Die Forschungslage ist eindeutig: Für den Menschen stellen Wölfe hierzulande keine Gefahr dar. Wölfe sind scheue Wildtiere, die den Menschen meiden. Damit das so bleibt, ist entscheidend, dass sie sich nicht daran gewöhnen, in menschlicher Umgebung Nahrung zu finden: Müll oder eben auch ungesicherte Nutztierherden dürfen keine leicht verfügbare Futterquellen sein. Auch deshalb ist Prävention im Herdenschutz so wichtig.

Diese beiden Lämmer hat Jürgen Engesser mit der Milchflasche aufgezogen. Wenn solche Tiere gerissen werden, blutet ihm das Herz besonders.
Diese beiden Lämmer hat Jürgen Engesser mit der Milchflasche aufgezogen. Wenn solche Tiere gerissen werden, blutet ihm das Herz besonders. | Bild: Trautmann, Gudrun

Was kann getan werden, um den Konflikt zwischen Weidetierhaltern und dem Wolf zu entschärfen?

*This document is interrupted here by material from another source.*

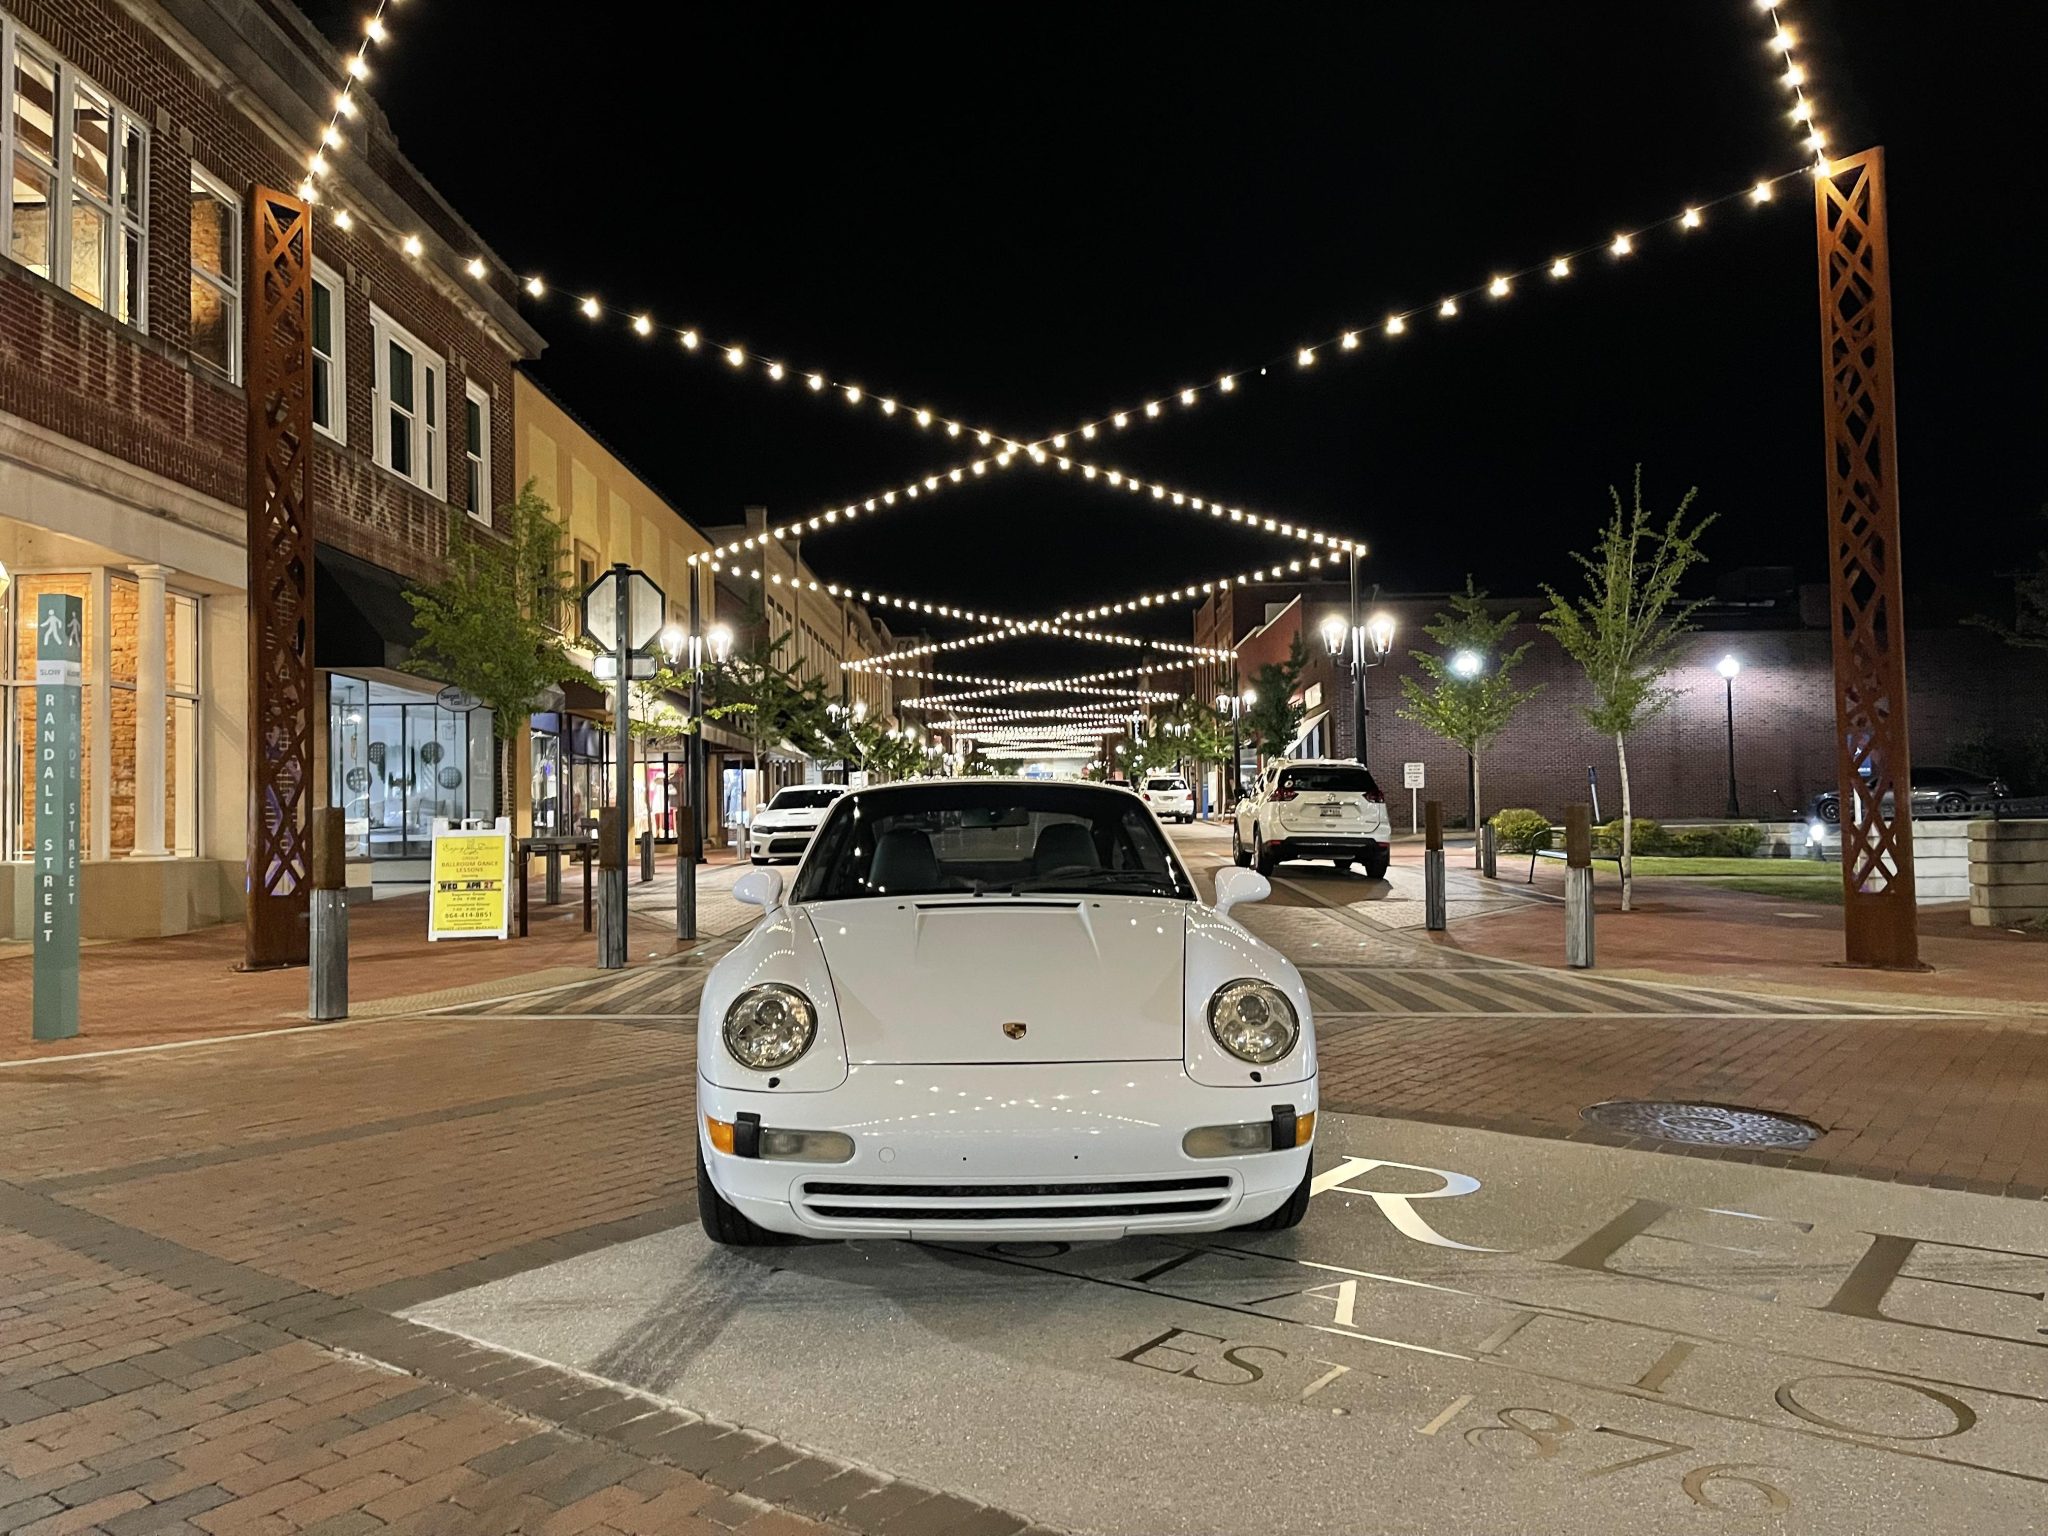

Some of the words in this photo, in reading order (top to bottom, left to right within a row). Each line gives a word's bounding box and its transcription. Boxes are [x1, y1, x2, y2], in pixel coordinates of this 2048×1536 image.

Die meisten Weidetierhalter haben eine gesunde differenzierte Haltung zu Wölfen. Sie leben tagtäglich mit der Natur und sind Anpassungskünstler. Für Schäfer ist das Wichtigste, der Verantwortung für ihre Tiere gerecht werden zu können. Aber Herdenschutz kostet! Das Grundproblem ist nicht der Wolf, sondern die Tatsache, dass nur wenige Verbraucher bereit sind, anständige Preise für Tierprodukte aus artgerechter Haltung zu bezahlen. Regionale Produktion, die zugleich Landschaftsschutz ist, muss wertgeschätzt werden und sich lohnen! Nicht der Wolf gefährdet die traditionelle Lebens- und Wirtschaftsweise der Tierhalter, sondern die prekäre wirtschaftliche Lage. Deshalb ist es essenziell, dass Tierhalter in einem Gebiet wie unserem, durch das Wölfe sporadisch durchziehen, ebenso von der finanziellen Unterstützung für präventive Maßnahmen im Herdenschutz profitieren wie diejenigen in ausgewiesenen Fördergebieten.